Criminal records bill hits snag

Lawmakers debate requiring a waiver to have uncharged crimes erased

General Assembly

March 28, 2007|By Andrew A. Green | Andrew A. Green,Sun reporter

A bill that would allow automatic expunction of criminal records for those who are arrested but never charged with a crime ran into opposition in the state Senate yesterday, where some lawmakers questioned whether people whose records are wiped out should retain the right to sue police.

Last year, more than 21,000 Marylanders were arrested, booked, fingerprinted, photographed and detained - but never charged, leaving records that can stymie job searches and applications for mortgages, financial aid and other assistance. Most of these arrests were in Baltimore.

Under current law, those who are arrested but not charged either must sign a waiver saying they won't sue the police department or wait three years for the statute of limitations to expire before applying for expunction.

Del. Keith E. Haynes, the Baltimore Democrat who sponsored the bill and steered it through easy passage in the House of Delegates, told members of the Senate Judicial Proceedings Committee in a hearing yesterday that striking the waiver requirement from the law is one of the most important aspects of the bill.

State law now says "to an individual, a victim, that `I have to give up a legal right to restore a legal right that to no fault of my own was taken away from me,'" Haynes said.

But the waiver provision has drawn the opposition of the state Fraternal Order of Police, which has pushed senators to reinstate it.

"I'm really torn," said Sen. James Brochin, a Towson Democrat. "If somebody is treated fairly and humanely but arrested by mistake ... and we let everybody sue, it's going to be a field day for attorneys."

Sen. Larry E. Haines, a Carroll County Republican, said he was fully supportive of the bill until he heard from the FOP.

Sen. Nancy Jacobs, a Harford County Republican, asked Haynes whether he would prefer to accept the waiver requirement or see the bill die.

If the bill maintained the current waiver requirement, people who are arrested would still be able to avoid an application process and a processing fee, but they either would have to promise not to sue the police or wait three years for expunction.

Baltimore State's Attorney Patricia C. Jessamy, a supporter of the bill who observed yesterday's hearing, said keeping the waiver provision is "just not justice."

"If you stand the chance of losing your job or not being able to get a new one, you want it to be immediate. You don't want to have to wait three years," Jessamy said.

The House of Delegates approved the bill 130-9. In addition to Jessamy, Baltimore Mayor Sheila Dixon and Baltimore Police Chief Leonard D. Hamm support the bill.

Gov. Martin O'Malley issued written testimony in support of the bill yesterday. "When the state makes such a mistake, citizens should suffer no detriment from the erroneous action," he said in the statement.

Similar legislation has failed in the Senate before. Nearly all members of the Judicial Proceedings Committee said yesterday that they are sympathetic to Haynes' effort, though some questioned whether his legislation tries to relieve symptoms of a problem in Baltimore without tackling the root cause.

"I appreciate what you're trying to do. If someone is innocent, they shouldn't have anything on their record," said Sen.
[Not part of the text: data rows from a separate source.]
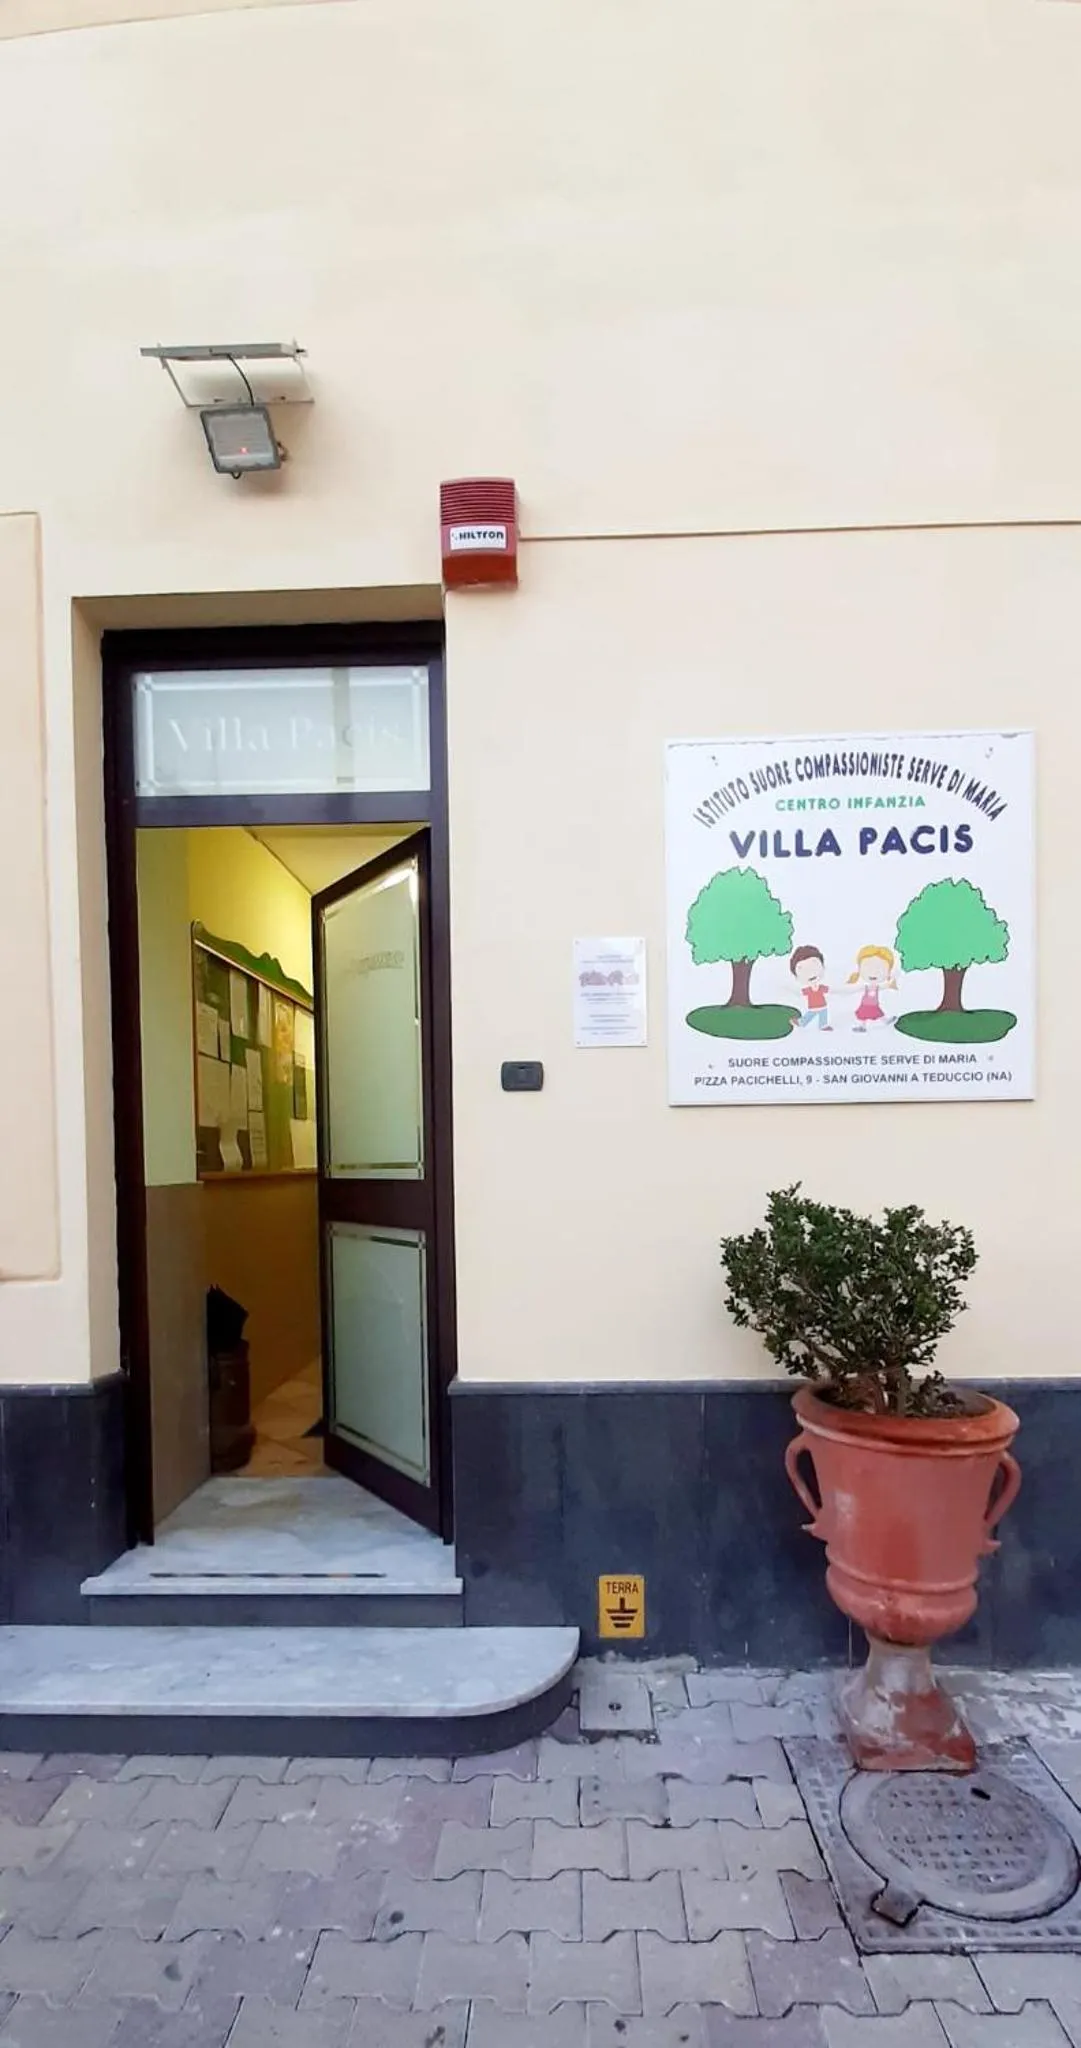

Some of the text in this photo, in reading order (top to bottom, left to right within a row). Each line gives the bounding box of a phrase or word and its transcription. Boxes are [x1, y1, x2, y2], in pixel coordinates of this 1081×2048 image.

[168, 714, 405, 752] Villa Pacis
[693, 751, 1008, 829] ISTITUTO SUORE COMPASSIONISTE SERVE DI MARIA
[775, 795, 926, 811] CENTRO INFANZIA
[729, 824, 974, 859] VILLA PACIS
[728, 1053, 978, 1068] SUORE COMPASSIONISTE SERVE DI MARIA
[694, 1075, 727, 1087] PIZZA
[731, 1075, 804, 1086] PACICHELLI,
[805, 1074, 813, 1085] 9
[823, 1074, 848, 1085] SAN
[851, 1073, 908, 1084] GIOVANNI
[910, 1073, 919, 1083] A
[922, 1071, 984, 1082] TEDUCCIO
[986, 1071, 1013, 1083] (NA)
[605, 1581, 639, 1594] TERRA
Alex X. Mooney, a Frederick County Republican. "But either the police are doing something wrong, or the people [who are being arrested] are doing something wrong, and the state's attorney just chooses not to prosecute because they don't feel like doing it."

In Baltimore, a representative of the state's attorney's office reviews cases before they go to a court commissioner, except in instances in which an officer made an arrest based on a warrant.
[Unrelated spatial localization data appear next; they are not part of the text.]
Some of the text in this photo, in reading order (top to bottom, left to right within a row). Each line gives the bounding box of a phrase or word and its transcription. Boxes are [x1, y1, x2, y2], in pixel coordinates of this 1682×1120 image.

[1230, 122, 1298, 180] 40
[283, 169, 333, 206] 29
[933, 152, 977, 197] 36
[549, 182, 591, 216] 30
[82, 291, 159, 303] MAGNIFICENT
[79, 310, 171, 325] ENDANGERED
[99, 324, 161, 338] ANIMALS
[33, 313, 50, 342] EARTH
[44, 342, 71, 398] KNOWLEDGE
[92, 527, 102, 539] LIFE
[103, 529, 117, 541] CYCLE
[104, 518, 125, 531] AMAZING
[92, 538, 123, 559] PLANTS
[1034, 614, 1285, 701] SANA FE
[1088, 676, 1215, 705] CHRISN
In all, the office declined to prosecute about 16,000 of those cases last year. In 6,300 of those, the office decided the offenses - typically crimes such as open-container violations and disorderly conduct - were "abated by arrest."

In other cases, the office concluded that police had provided insufficient information for prosecution.

Hamm instituted additional training in 2005 to improve the charging documents police file, resulting in a reduction in cases in which people are released without charges.

Jessamy said there are plenty of cases in which people should not have been arrested. But that's beside the point of this bill, she said.

"This is not about who's right and who's wrong," Jessamy said. "It's about justice."